Paralimpiade Musim Dingin 2026 Milano Cortina: Jadwal dan Sorotan Atlet
- 27 Feb 2026 22:31 WIB
- Batam
RRI.CO.ID, Batam - Ajang Paralimpiade Musim Dingin 2026 akan digelar di Italia mulai 6 hingga 15 Maret 2026, menghadirkan berbagai cabang olahraga musim dingin dengan partisipasi atlet terbaik dunia. Mengutip Sky Sports, perhelatan ini menjadi edisi ke-14 Paralimpiade Musim Dingin yang kembali diselenggarakan di Italia.
Kompetisi akan berlangsung di tiga wilayah utama, yakni Milan, Cortina d'Ampezzo, dan Val di Fiemme. Italia sebelumnya pernah menjadi tuan rumah pada 2006 di Torino, yang saat itu menandai debut cabang curling kursi roda.
Upacara pembukaan dijadwalkan berlangsung di Arena di Verona pada 6 Maret, sementara penutupan akan digelar di Stadion Curling Cortina pada 15 Maret. Meski pembukaan resmi dimulai 6 Maret, pertandingan curling kursi roda sudah dimulai lebih awal pada 4 Maret dengan format round-robin.
Sejumlah venue telah disiapkan untuk masing-masing cabang olahraga, termasuk Pusat Ski Alpine Tofane untuk ski alpine, Stadion Tesero untuk biathlon dan ski lintas alam, serta Arena Hoki Es Milano Santagiulia untuk hoki es paralimpik.
Dari kubu Inggris, perhatian tertuju pada Menna Fitzpatrick yang kembali berlaga bersama pemandunya, Katie Guest. Ia merupakan atlet Paralimpiade Musim Dingin Inggris paling sukses dengan enam medali, termasuk emas di Pyeongchang 2018.
Selain itu, nama Sam Cozens juga masuk dalam radar peraih medali setelah tampil konsisten di sirkuit Eropa.

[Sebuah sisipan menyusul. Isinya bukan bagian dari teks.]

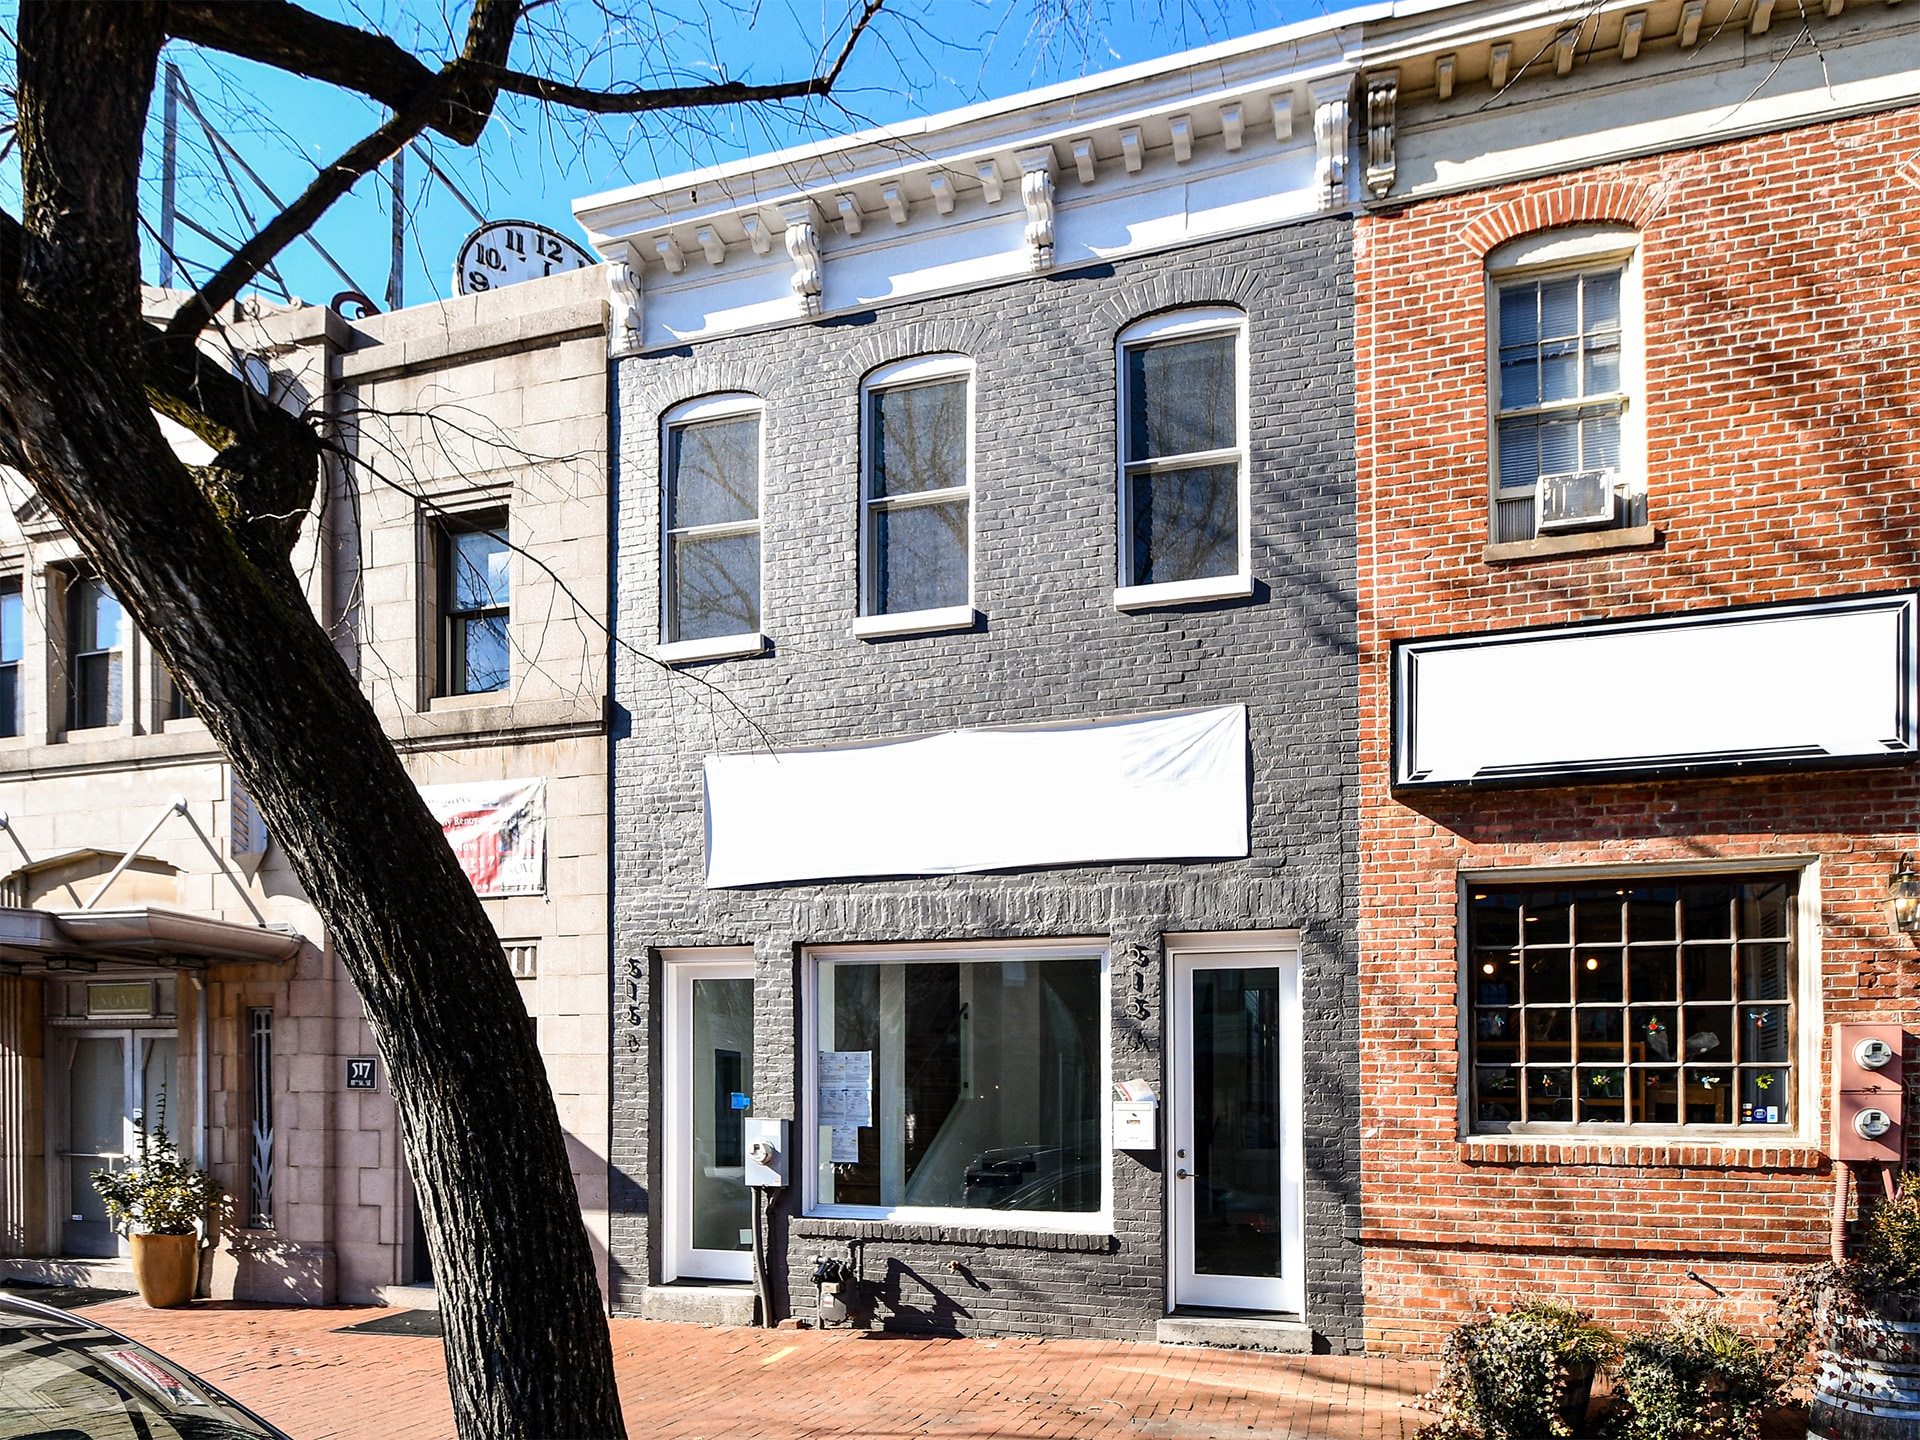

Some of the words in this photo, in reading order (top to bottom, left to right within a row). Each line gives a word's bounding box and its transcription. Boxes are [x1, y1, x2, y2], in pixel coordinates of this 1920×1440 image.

Sementara itu, Davy Zyw berpotensi mencetak sejarah sebagai atlet dengan penyakit neuron motorik pertama yang tampil di Paralimpiade Musim Dingin.
Dari kancah internasional, beberapa bintang besar diprediksi kembali bersinar, termasuk Oksana Masters yang telah mengoleksi banyak medali, serta Brenna Huckaby yang mengincar tambahan medali emas.
Tuan rumah Italia juga memiliki andalan seperti Giacomo Bertagnolli, sementara Norwegia mengandalkan Jesper Pedersen yang tampil dominan di edisi sebelumnya.
Namun, isu politik turut mewarnai persiapan ajang ini. Presiden Ukraina, Volodymyr Zelensky, mengkritik keputusan yang mengizinkan atlet Rusia dan Belarusia kembali berpartisipasi. Ia menyatakan, “Ini keputusan yang kotor, sama sekali tidak terhormat dan tidak Eropa dari sudut pandang nilai-nilai.”
Senada, Menteri Olahraga Ukraina, Matvii Bidnyi, menegaskan sikap negaranya. “Kami tidak akan berpartisipasi dalam acara Paralimpiade resmi lainnya,” ujarnya, menandakan potensi boikot dalam seremoni resmi.
Meski demikian, Paralimpiade Musim Dingin 2026 tetap diharapkan menjadi panggung besar bagi atlet disabilitas dunia untuk menunjukkan kemampuan terbaik mereka, sekaligus menghadirkan kisah inspiratif di tengah dinamika olahraga dan politik global.